First thing to note, and a very important one, is that I shoot in raw format, as opposed to jpeg. There are plenty of articles on the web about the advantages of raw vs jpeg, so if you don't know what raw images are, you should probably go and do some reading before continuing. 

For this example I'll be using a photo of a pier at Lake Te Anau that was taken during my recent trip of New Zealand. I got up extra early to be there when the sun rose. Not the most spectacular sunset, but great nonetheless. 

Here's the start image. Remember raw files are always dull and lifeless straight out of the camera - it's up to the you to make the edits on the computer later. 


The first thing is to add a neutral density filter to the sky to bring back the brightness. 90% of the time I will use an actual filter as opposed to a digital one, but this time I went without. Why? Because the lighting wasn't that harsh due to the misty conditions and so I knew I could "bring back" the sky later on in Lightroom. Secondly I was using a polarising filter already - I don't like to stick more than one filter on the lens at a time as I get the feeling this reduces image quality fractionally. 
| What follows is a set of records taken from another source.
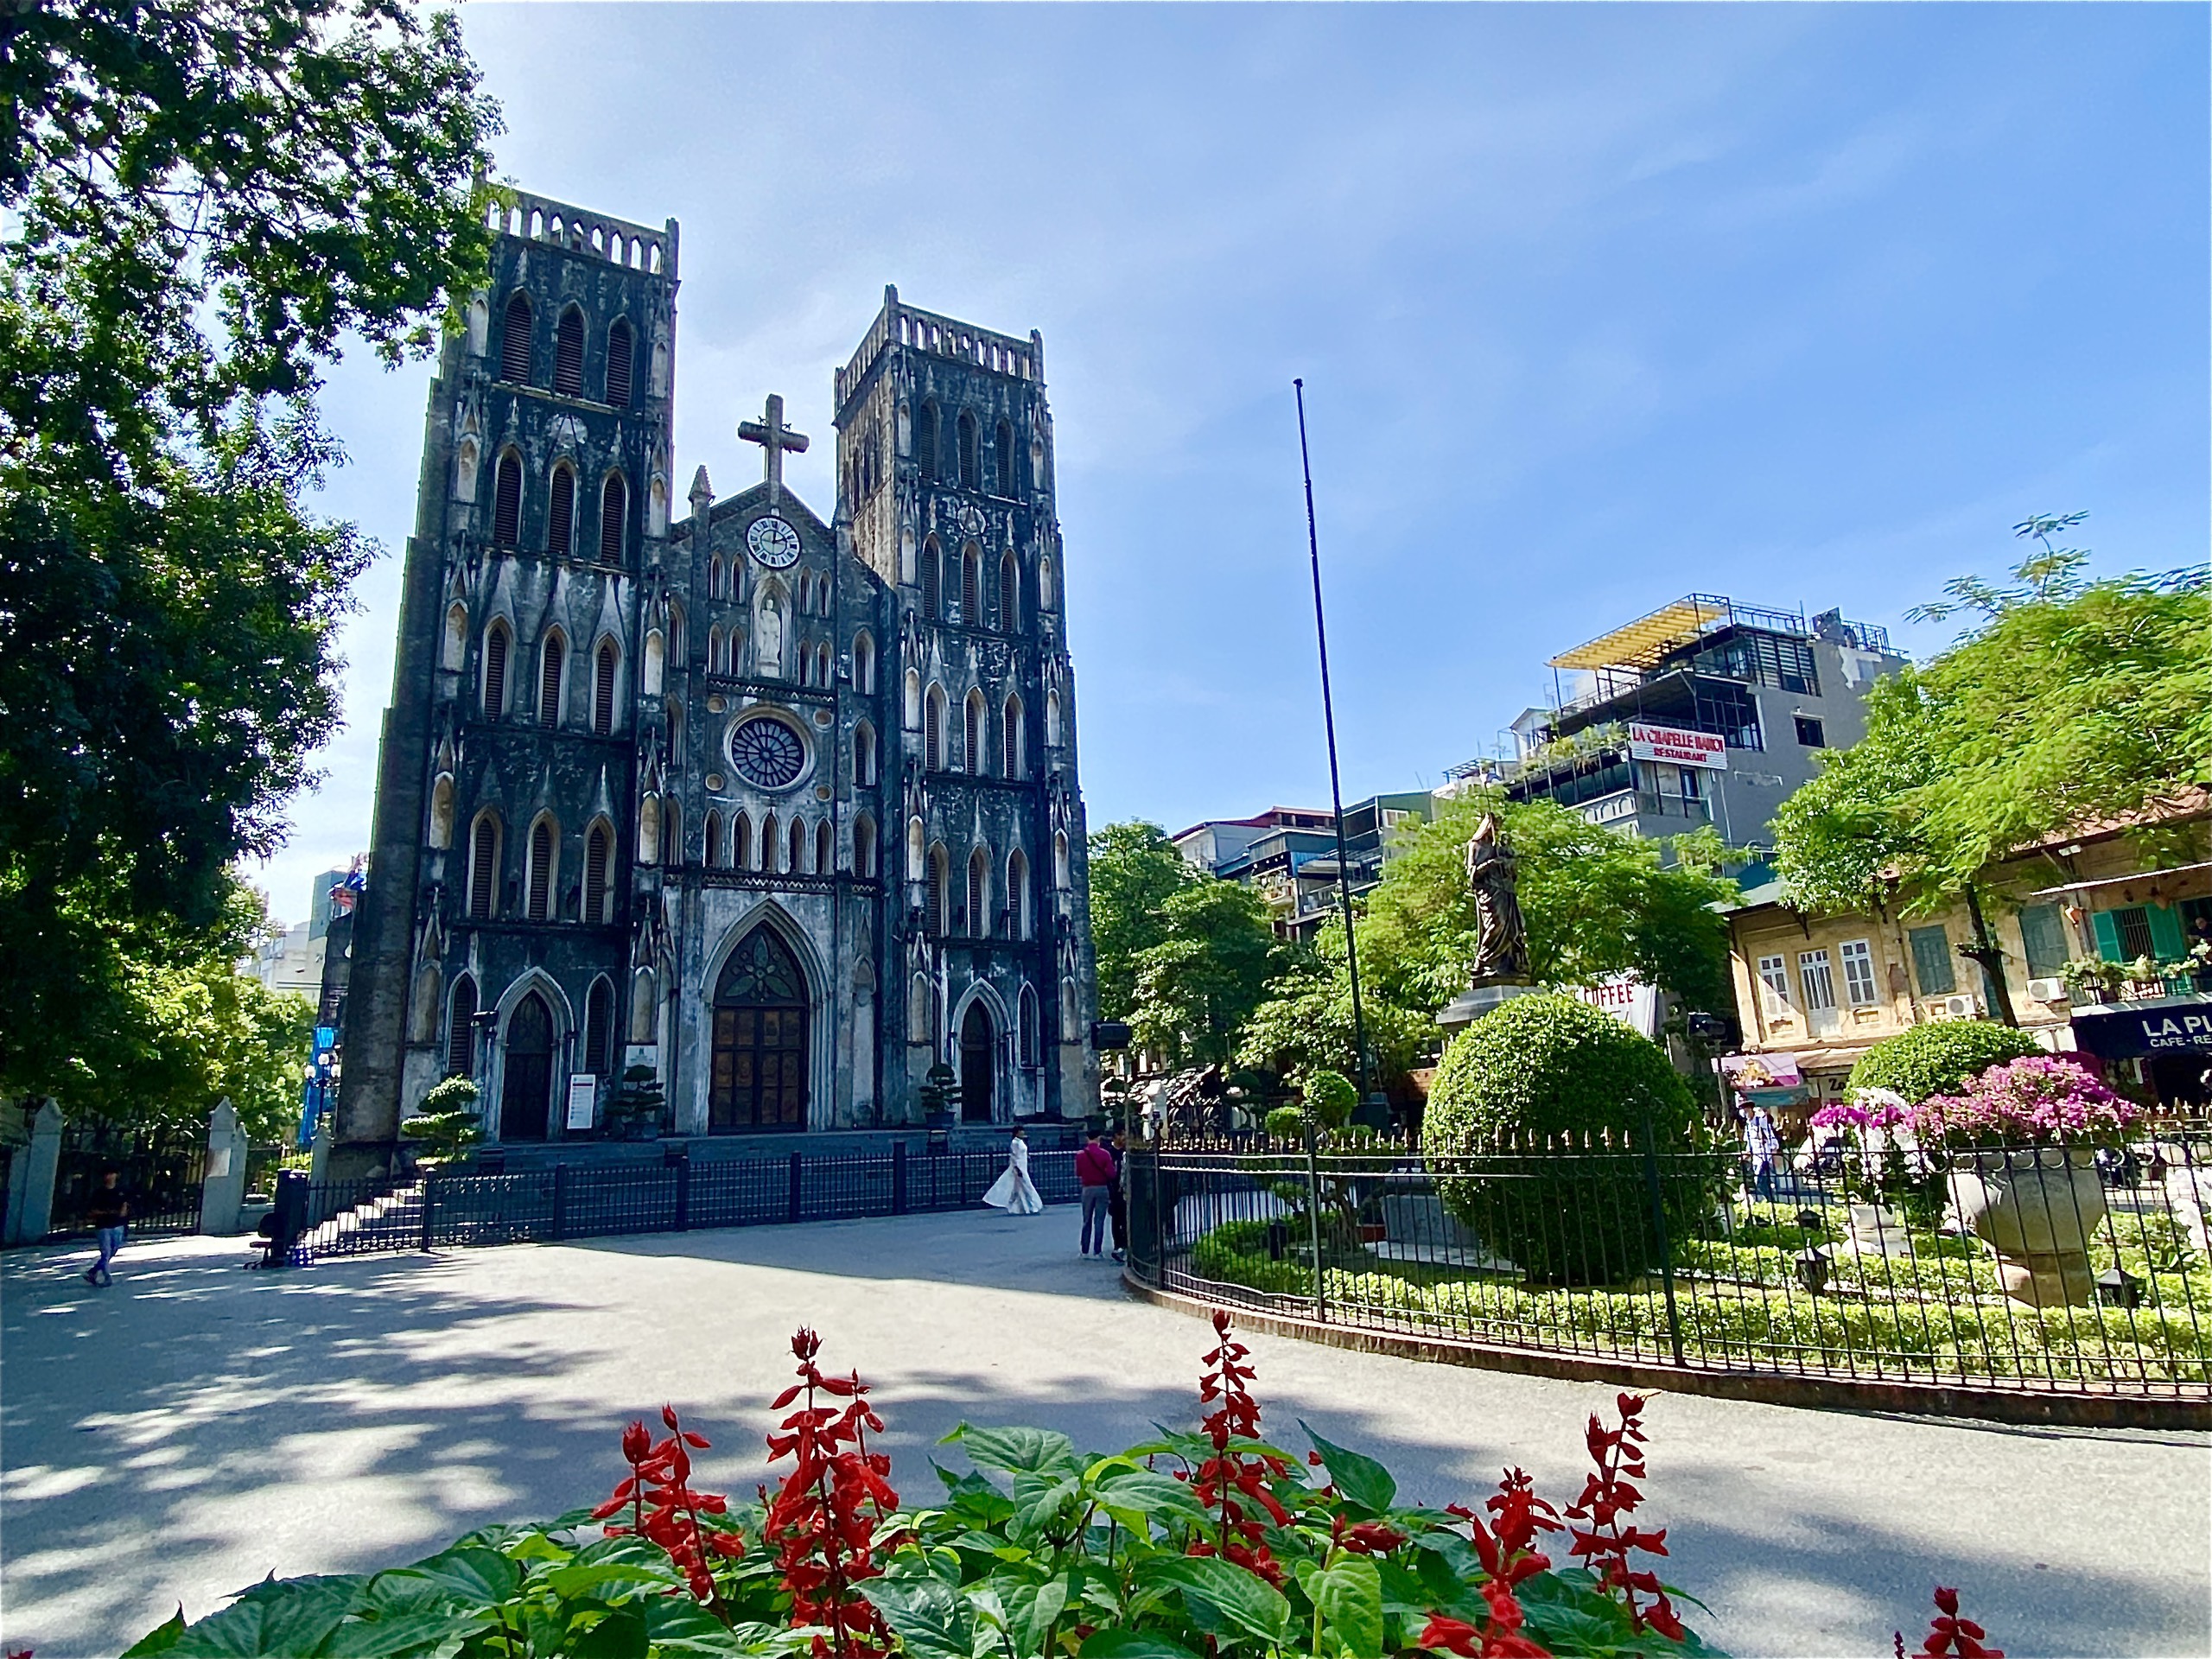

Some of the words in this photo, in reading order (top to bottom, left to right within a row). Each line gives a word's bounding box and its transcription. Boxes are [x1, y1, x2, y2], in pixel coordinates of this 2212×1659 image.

[1632, 727, 1645, 742] LA
[1647, 729, 1694, 748] CHAPELLE
[1694, 736, 1724, 753] HANOI
[1653, 747, 1707, 762] RESTAURANT
[2142, 1018, 2182, 1037] LA
[2150, 1037, 2186, 1047] CAFE
[1828, 1077, 1848, 1091] Zo
As you can see, in 5 seconds the detail in the sky has been brought back. Can't do that with a jpg file now can you? I also like to boost contrast and clarity whilst reducing highlights with the digital ND filter at the same time, this makes the clouds stand out a bit more

Overall settings for the one digital ND filter are:

  • Exposure -1.98
  • Contrast 61
  • Highlights -33
  • Clarity +52

Next up I boost the contrast (+48) to give the overall image more punch/oomph.
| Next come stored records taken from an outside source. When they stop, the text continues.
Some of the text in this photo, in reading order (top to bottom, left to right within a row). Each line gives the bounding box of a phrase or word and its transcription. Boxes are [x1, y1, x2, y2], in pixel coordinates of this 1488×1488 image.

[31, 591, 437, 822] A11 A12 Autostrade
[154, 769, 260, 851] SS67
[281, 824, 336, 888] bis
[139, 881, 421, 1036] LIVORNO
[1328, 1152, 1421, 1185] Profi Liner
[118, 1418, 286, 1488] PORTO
Now I boost the colours and clarity to get things looking yummy:

  • Clarity +40
  • Vibrance +24
  • Saturation +19

The clarity is much higher than I usually go (around +20 usually) as it was a little misty on this day.


The contrast and clarity settings have made the blacks and whites a little too strong, so I bring back the highlights and whites big time, and also lighten the blacks. This brings back a little detail in those areas too.

  • Hightlights -100
  • Whites -71
  • Blacks +33


The mountain on the left is too dark thanks to the digital ND grad filter going in a straight line across the image (also why I didn't use a real soft or hard grad filter). To fix this I use the brush tool to lighten just the mountain.
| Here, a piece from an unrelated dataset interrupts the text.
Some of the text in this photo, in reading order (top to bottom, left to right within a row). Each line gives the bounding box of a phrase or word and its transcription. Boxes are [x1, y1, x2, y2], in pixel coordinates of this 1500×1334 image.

The colours out of the camera are a bit cooler than I remember - I always leave the white balance on auto as I can just change it later on the computer, so I adjust the white blance to make them warmer. 


  • Temperature: 5300
  • Tint: -4


  • Temperature: 5500
  • Tint: +10

Just a little tweak is all that's required most of the time. Some people get a bit too carried away with white balance changes...


Now the tedius part - combing the image at full size or greater to find and remove dust spots (dust that gathers on the cameras sensor will show up on your photos at smaller apertures).

Dust spots

Finally I check the boxes for lens correction and chromatic aberration removal. 

Lake Te Anau

So there you have it, done and dusted in 10 minutes tops all in Lightroom - depending on how long I spend looking for dust bunnies! The actual final step is where I export it to Photoshop and sharpen it before saving it as a .psd file. The sharpning in Lightroom is garbage and does funny things to the finer details.


You can spend a lot of time making some absolutely crazy edits to raw files in Adobe Lightroom, both allow you so much room to play with. But the most important thing is to spend more time in the field getting a good image, so you can spend less time in front of the computer later.